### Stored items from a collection
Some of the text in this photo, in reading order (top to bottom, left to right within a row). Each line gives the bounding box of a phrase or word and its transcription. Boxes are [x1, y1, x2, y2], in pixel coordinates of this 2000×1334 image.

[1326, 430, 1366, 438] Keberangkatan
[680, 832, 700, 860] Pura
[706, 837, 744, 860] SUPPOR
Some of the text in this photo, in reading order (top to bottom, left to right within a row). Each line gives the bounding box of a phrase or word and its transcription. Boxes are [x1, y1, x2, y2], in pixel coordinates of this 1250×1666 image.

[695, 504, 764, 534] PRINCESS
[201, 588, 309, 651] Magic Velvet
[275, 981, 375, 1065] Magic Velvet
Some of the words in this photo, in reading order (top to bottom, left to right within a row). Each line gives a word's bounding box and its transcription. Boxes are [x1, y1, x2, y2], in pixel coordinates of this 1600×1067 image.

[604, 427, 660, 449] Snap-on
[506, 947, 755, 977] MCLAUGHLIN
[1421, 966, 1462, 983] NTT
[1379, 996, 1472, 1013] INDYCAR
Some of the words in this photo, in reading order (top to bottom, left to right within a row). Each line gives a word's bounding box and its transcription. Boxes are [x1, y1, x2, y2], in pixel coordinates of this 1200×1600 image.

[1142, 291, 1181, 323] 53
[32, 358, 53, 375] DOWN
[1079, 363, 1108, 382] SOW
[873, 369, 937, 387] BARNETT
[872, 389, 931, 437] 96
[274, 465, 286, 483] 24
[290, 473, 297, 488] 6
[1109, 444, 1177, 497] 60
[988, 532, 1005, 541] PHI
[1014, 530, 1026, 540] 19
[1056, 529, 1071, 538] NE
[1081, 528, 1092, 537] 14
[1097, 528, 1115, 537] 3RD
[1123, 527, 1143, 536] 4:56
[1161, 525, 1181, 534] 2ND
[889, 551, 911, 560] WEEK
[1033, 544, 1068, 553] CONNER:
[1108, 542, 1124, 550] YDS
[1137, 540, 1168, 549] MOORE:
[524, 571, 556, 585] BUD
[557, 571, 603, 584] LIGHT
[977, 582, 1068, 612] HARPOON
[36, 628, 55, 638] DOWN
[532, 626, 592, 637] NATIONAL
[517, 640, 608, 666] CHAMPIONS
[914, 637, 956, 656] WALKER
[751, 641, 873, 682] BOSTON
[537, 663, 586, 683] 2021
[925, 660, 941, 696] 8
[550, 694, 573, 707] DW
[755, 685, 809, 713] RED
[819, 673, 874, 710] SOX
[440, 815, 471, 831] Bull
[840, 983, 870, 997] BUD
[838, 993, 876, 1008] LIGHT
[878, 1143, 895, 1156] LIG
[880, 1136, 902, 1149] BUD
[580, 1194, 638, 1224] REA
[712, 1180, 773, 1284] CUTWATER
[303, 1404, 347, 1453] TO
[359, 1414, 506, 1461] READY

### Task to complete
Word for word, copy every entry.

### Task result
Some of the text in this photo, in reading order (top to bottom, left to right within a row). Each line gives the bounding box of a phrase or word and its transcription. Boxes are [x1, y1, x2, y2], in pixel coordinates of this 2000×1334 image.

[1326, 430, 1366, 438] Keberangkatan
[680, 832, 700, 860] Pura
[706, 837, 744, 860] SUPPOR
Some of the text in this photo, in reading order (top to bottom, left to right within a row). Each line gives the bounding box of a phrase or word and its transcription. Boxes are [x1, y1, x2, y2], in pixel coordinates of this 1250×1666 image.

[695, 504, 764, 534] PRINCESS
[201, 588, 309, 651] Magic Velvet
[275, 981, 375, 1065] Magic Velvet
Some of the words in this photo, in reading order (top to bottom, left to right within a row). Each line gives a word's bounding box and its transcription. Boxes are [x1, y1, x2, y2], in pixel coordinates of this 1600×1067 image.

[604, 427, 660, 449] Snap-on
[506, 947, 755, 977] MCLAUGHLIN
[1421, 966, 1462, 983] NTT
[1379, 996, 1472, 1013] INDYCAR
Some of the words in this photo, in reading order (top to bottom, left to right within a row). Each line gives a word's bounding box and its transcription. Boxes are [x1, y1, x2, y2], in pixel coordinates of this 1200×1600 image.

[1142, 291, 1181, 323] 53
[32, 358, 53, 375] DOWN
[1079, 363, 1108, 382] SOW
[873, 369, 937, 387] BARNETT
[872, 389, 931, 437] 96
[274, 465, 286, 483] 24
[290, 473, 297, 488] 6
[1109, 444, 1177, 497] 60
[988, 532, 1005, 541] PHI
[1014, 530, 1026, 540] 19
[1056, 529, 1071, 538] NE
[1081, 528, 1092, 537] 14
[1097, 528, 1115, 537] 3RD
[1123, 527, 1143, 536] 4:56
[1161, 525, 1181, 534] 2ND
[889, 551, 911, 560] WEEK
[1033, 544, 1068, 553] CONNER:
[1108, 542, 1124, 550] YDS
[1137, 540, 1168, 549] MOORE:
[524, 571, 556, 585] BUD
[557, 571, 603, 584] LIGHT
[977, 582, 1068, 612] HARPOON
[36, 628, 55, 638] DOWN
[532, 626, 592, 637] NATIONAL
[517, 640, 608, 666] CHAMPIONS
[914, 637, 956, 656] WALKER
[751, 641, 873, 682] BOSTON
[537, 663, 586, 683] 2021
[925, 660, 941, 696] 8
[550, 694, 573, 707] DW
[755, 685, 809, 713] RED
[819, 673, 874, 710] SOX
[440, 815, 471, 831] Bull
[840, 983, 870, 997] BUD
[838, 993, 876, 1008] LIGHT
[878, 1143, 895, 1156] LIG
[880, 1136, 902, 1149] BUD
[580, 1194, 638, 1224] REA
[712, 1180, 773, 1284] CUTWATER
[303, 1404, 347, 1453] TO
[359, 1414, 506, 1461] READY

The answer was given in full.